→ EXERCISE: Give as output the line that contains "this 1333×1500 image.", followed by every remaining line of the entries, unchanged and with nothing added.

→ INPUT RECORDS:
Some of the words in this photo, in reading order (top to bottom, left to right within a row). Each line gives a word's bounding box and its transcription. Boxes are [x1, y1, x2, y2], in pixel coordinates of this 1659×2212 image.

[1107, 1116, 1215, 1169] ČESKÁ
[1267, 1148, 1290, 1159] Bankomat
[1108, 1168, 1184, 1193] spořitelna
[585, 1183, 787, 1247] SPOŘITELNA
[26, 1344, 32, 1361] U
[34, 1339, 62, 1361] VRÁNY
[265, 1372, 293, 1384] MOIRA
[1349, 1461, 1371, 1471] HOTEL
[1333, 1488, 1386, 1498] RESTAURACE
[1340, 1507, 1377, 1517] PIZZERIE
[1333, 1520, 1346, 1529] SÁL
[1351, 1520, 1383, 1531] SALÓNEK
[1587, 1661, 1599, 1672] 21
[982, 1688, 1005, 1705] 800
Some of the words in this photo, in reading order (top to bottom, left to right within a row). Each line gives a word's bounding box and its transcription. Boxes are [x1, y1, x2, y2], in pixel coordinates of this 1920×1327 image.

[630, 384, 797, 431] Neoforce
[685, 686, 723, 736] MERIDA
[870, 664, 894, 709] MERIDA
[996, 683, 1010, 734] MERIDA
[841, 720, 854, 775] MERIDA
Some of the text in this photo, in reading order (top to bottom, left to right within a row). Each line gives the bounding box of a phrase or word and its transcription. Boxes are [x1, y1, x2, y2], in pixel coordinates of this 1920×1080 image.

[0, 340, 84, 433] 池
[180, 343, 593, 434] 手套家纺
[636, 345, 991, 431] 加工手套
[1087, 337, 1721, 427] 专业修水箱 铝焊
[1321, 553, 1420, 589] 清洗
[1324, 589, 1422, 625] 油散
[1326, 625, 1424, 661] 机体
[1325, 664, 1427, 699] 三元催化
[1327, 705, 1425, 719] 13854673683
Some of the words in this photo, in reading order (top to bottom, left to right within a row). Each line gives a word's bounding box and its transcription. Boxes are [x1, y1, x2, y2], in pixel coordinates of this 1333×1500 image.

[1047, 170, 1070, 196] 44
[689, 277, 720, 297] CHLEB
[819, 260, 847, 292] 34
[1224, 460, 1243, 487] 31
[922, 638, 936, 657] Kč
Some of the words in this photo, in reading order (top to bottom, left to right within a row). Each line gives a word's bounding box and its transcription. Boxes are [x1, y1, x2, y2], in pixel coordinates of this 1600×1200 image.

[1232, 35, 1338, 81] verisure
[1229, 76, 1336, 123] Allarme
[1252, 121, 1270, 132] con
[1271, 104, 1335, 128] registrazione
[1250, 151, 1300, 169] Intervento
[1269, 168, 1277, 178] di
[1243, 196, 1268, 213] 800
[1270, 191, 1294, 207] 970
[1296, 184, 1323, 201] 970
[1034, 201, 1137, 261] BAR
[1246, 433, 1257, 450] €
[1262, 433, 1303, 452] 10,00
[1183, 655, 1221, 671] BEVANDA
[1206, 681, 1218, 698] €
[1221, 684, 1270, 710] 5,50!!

→ SOLUTION FOR THIS TASK:
Some of the words in this photo, in reading order (top to bottom, left to right within a row). Each line gives a word's bounding box and its transcription. Boxes are [x1, y1, x2, y2], in pixel coordinates of this 1333×1500 image.

[1047, 170, 1070, 196] 44
[689, 277, 720, 297] CHLEB
[819, 260, 847, 292] 34
[1224, 460, 1243, 487] 31
[922, 638, 936, 657] Kč
Some of the words in this photo, in reading order (top to bottom, left to right within a row). Each line gives a word's bounding box and its transcription. Boxes are [x1, y1, x2, y2], in pixel coordinates of this 1600×1200 image.

[1232, 35, 1338, 81] verisure
[1229, 76, 1336, 123] Allarme
[1252, 121, 1270, 132] con
[1271, 104, 1335, 128] registrazione
[1250, 151, 1300, 169] Intervento
[1269, 168, 1277, 178] di
[1243, 196, 1268, 213] 800
[1270, 191, 1294, 207] 970
[1296, 184, 1323, 201] 970
[1034, 201, 1137, 261] BAR
[1246, 433, 1257, 450] €
[1262, 433, 1303, 452] 10,00
[1183, 655, 1221, 671] BEVANDA
[1206, 681, 1218, 698] €
[1221, 684, 1270, 710] 5,50!!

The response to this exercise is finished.